Machine proposes a better architecture. New architecture maybe a brand new set of files defining the networks, topology, and training procedure, or they may reuse networks for components.
For example you might imagine an architecture that uses gpt-3.5 and −4 as subsystems but the “executive control” is from a new network defined by the architecture.

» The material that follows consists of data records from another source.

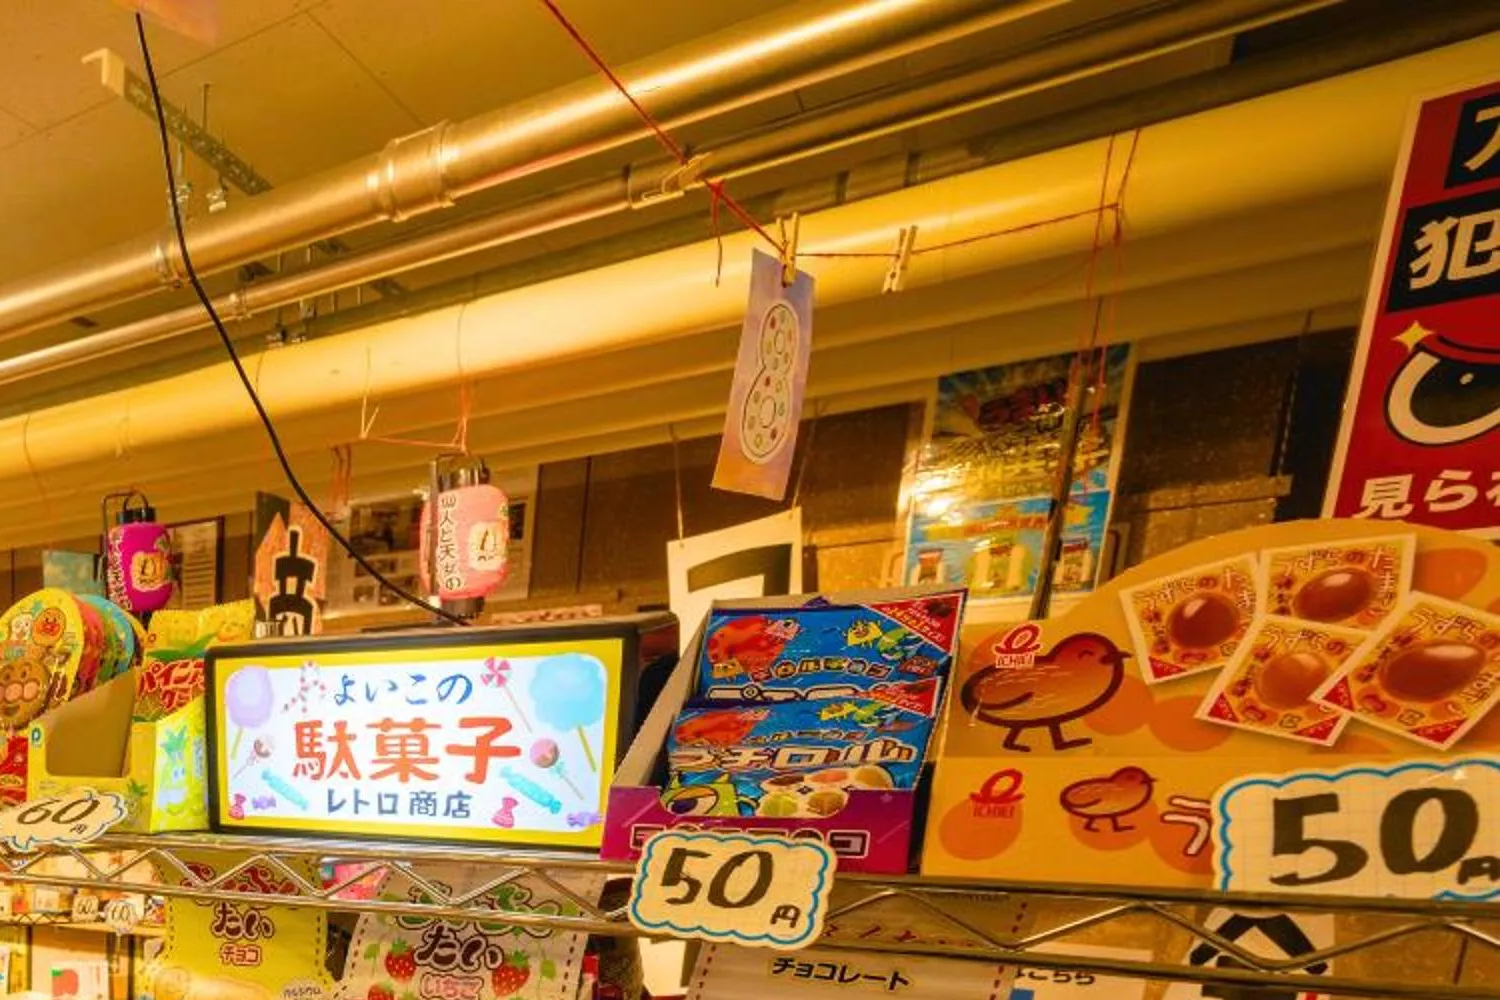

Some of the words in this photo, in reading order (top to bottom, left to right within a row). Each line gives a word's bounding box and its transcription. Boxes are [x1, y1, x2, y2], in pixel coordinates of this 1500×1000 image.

[333, 672, 474, 706] よいこの
[291, 716, 522, 785] 駄菓子
[16, 798, 102, 835] 60円
[326, 788, 473, 820] レトロ商店
[1269, 787, 1500, 886] 50円
[660, 847, 801, 929] 50円
[212, 901, 275, 939] たい
[221, 944, 262, 966] チョコ
[413, 922, 504, 973] たい
[772, 956, 910, 991] チョコレート
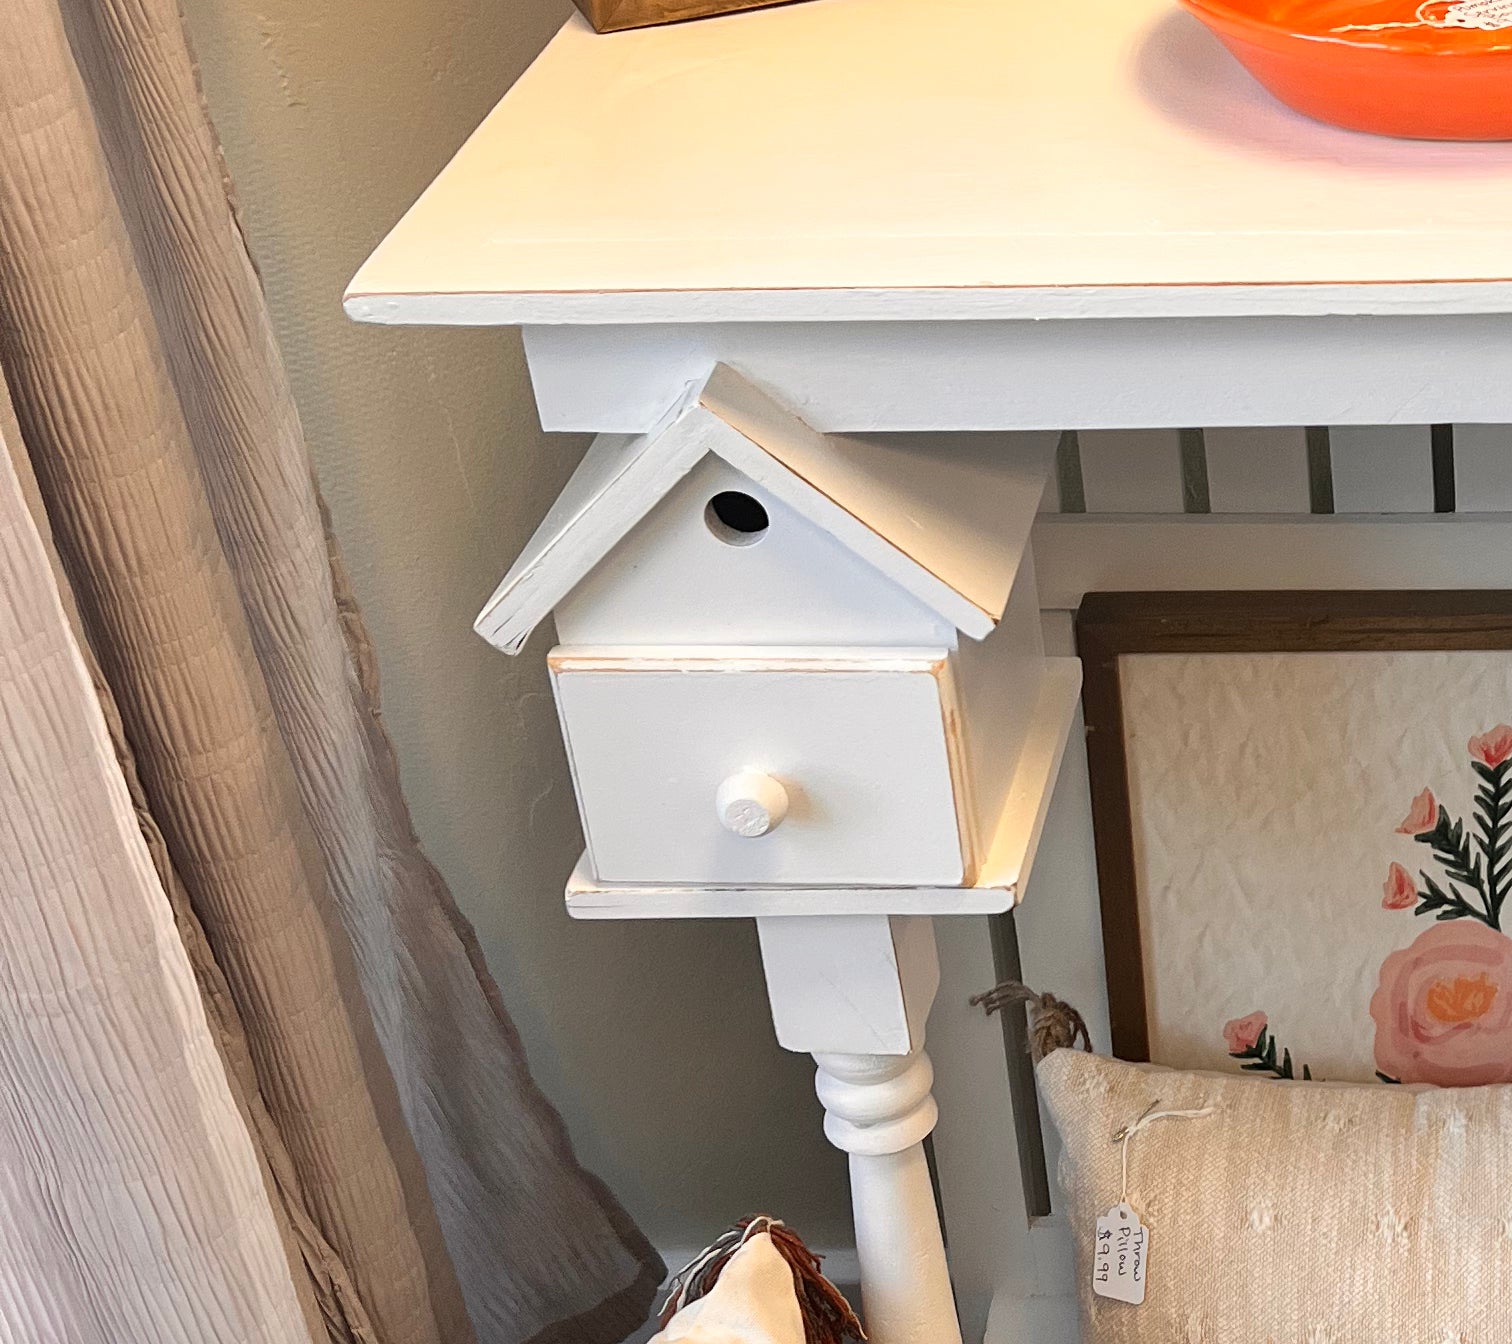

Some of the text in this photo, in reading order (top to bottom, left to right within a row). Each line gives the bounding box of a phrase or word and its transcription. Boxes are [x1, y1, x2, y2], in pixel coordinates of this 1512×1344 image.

[1095, 1227, 1113, 1282] $9.99
[1117, 1227, 1131, 1276] Pillow
[1133, 1226, 1144, 1282] Throw

Given a very large compute budget (many billions), the company hosting the RSI runs would run many of these proposals, then the machines that did the best on the bench that are distinct from each other (so a heuristic of distinctness, performance) remain “alive” to design the next generation.
So it is recursive, improvement, and the “selves” doing it are getting more capable over time but it’s not a single AGI improving itself but instead a population. Humans are also still involved and tweaking things (and maintaining the enormous farms of equipment)
Training runs already take months.
I’d expect that to take several generations of models, so double digit numbers of months in an aggressive scenario?
(Barring drastic jumps in compute that cut months long training runs to hours/days).
Read paragraph 2
But yes foom wasn’t going to happen. It takes time for ai to be improved, turns out reality gets a vote.
I think takeoff from broadly human level to strongly superhuman is years, and potentially decades.
Foom in days or weeks still seems just as fanciful as before.